In questa prigione, nella sezione per i dissidenti politici, secondo un rapporto Amnesty International del 2017, sarebbero state uccise non meno di 13 mila persone, ripetutamente torturate e private di cibo, acqua, medicine e assistenza medica.

Un pugno nello stomaco la testimonianza di Shevan Rene Ven Der Lugt, in continua ricerca di una identità, a partire dal suo nome, che però gli viene negata e sostituita continuamente, a partire dal padre che si separa dalla madre e sposa una musulmana che gli cambia il nome da Renè a Mohammad, e poi di nuovo affidato alla madre dove ritorna René.

Una identità negata per il suo orientamento sessuale, in un contesto politico- religioso dove "l'omosessualità è considerata una infamia". Dopo l'arresto subisce torture e sevizie sessuali dai carcerieri. Liberato su pagamento di una salata cauzione, a sua volta pagherà la cauzione del compagno, chiederà la cittadinanza olandese e si chiamerà definitivamente Shevan Rene Ven Der Lugt.

In un carcere dove le donne per sopravvivere devono mettersi al servizio dei bordelli per il potere carcerario. In quel luogo dell'orrore, Riyhad dovrà dimenticare l'amore per la sua compagna, per la sua famiglia. Sopravvive per due decenni e promette a sé stesso che, se verrà fuori dall'incubo, testimonierà e racconterà. Lo fa oggi in teatro, ancora con quel dolore che arriva integro e forte, ma anche con crudezza. Denuncia un sistema che limita la libertà, controlla con pregiudizio e punisce con crudeltà, mettendo i siriani gli uni contro gli altri.

Ecco, si chiede Syriad, se il sistema è così corrotto, se si poteva pagare la mia scarcerazione perché la mia famiglia non l'ha fatto? Ma sono tante le domande di Ryhad che non trovano risposte se non quelle della negazione dei diritti fondamentali.

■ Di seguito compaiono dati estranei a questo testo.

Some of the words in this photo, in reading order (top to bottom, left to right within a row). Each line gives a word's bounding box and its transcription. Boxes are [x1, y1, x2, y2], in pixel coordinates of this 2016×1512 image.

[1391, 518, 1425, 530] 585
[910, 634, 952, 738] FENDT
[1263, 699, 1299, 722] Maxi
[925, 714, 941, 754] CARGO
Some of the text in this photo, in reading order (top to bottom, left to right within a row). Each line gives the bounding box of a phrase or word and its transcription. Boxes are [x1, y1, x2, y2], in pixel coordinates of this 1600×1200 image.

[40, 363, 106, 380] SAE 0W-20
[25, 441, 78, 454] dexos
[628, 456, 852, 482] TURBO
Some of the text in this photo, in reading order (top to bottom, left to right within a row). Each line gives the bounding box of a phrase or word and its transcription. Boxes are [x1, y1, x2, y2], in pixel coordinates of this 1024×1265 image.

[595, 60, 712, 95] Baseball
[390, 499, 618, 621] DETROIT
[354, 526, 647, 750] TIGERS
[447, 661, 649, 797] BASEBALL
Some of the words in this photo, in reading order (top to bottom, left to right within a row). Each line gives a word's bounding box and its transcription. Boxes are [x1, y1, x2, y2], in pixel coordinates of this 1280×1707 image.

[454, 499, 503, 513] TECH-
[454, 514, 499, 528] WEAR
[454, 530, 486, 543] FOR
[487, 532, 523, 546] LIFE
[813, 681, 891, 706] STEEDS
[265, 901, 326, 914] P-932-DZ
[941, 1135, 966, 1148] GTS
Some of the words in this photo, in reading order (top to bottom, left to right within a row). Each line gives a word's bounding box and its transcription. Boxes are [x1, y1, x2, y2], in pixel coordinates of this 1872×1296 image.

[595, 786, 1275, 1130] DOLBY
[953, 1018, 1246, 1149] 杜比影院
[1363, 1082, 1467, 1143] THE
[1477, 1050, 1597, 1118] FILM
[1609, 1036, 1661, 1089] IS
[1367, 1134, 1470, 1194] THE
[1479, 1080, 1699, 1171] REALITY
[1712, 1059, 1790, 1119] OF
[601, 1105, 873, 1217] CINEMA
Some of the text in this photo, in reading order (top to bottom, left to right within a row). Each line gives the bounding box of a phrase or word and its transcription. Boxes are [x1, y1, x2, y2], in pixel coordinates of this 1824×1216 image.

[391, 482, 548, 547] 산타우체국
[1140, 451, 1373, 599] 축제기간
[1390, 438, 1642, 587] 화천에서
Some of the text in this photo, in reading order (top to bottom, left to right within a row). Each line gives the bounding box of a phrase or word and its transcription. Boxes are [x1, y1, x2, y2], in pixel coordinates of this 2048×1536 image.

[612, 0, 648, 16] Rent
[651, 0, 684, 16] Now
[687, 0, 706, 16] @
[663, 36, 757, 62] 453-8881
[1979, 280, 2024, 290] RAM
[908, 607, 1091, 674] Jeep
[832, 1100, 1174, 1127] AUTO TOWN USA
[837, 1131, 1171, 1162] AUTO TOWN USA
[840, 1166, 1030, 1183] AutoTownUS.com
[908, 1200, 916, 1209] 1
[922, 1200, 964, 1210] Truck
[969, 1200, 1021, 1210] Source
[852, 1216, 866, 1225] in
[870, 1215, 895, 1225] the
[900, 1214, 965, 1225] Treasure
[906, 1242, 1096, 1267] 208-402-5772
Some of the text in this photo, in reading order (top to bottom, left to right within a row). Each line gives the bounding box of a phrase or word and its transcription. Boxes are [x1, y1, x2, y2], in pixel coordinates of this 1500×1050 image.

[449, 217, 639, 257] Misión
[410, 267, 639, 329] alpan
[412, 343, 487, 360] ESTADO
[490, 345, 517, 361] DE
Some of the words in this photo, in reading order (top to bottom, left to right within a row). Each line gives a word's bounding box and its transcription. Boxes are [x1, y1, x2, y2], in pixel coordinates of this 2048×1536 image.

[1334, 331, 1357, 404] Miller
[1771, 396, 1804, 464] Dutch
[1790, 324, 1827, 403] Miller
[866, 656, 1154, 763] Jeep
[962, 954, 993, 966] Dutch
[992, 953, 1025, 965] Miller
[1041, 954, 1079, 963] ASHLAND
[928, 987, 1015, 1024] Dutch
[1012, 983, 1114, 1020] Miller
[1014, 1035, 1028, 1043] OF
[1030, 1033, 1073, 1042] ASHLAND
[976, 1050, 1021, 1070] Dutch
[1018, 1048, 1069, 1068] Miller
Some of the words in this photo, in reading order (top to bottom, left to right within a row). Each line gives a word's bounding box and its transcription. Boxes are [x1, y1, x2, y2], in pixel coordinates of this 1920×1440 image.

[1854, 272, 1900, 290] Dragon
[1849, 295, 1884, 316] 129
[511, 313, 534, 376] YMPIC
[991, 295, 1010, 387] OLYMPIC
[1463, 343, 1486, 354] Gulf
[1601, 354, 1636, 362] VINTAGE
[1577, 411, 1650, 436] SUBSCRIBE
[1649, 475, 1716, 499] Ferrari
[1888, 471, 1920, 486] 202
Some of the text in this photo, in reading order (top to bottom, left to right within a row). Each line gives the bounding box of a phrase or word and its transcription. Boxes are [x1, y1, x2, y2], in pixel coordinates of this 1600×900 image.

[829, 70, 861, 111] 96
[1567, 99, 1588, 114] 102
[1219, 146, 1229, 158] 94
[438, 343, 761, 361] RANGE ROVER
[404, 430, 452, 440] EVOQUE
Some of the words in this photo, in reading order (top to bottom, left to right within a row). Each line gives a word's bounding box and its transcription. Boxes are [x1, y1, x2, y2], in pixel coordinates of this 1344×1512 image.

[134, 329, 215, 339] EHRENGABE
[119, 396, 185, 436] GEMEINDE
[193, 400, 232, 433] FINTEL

L'evento fa parte anche dell'iniziativa "La Francia in scena", stagione artistica dell'ambasciata di Francia in Italia. Lo spettacolo Y- Saidnaya, è coprodotto da Fondazione Campania dei Festival-Napoli Teatro Festival Italia, Bonlieu-Scene Nationale Annecy, La Villette-Parigi, Espace Malraux-Scene Nationale Chambery, Theatre D' Arles, ha il sostegno dell'Institut Francais e della Fondazione Nuovi Mecenati.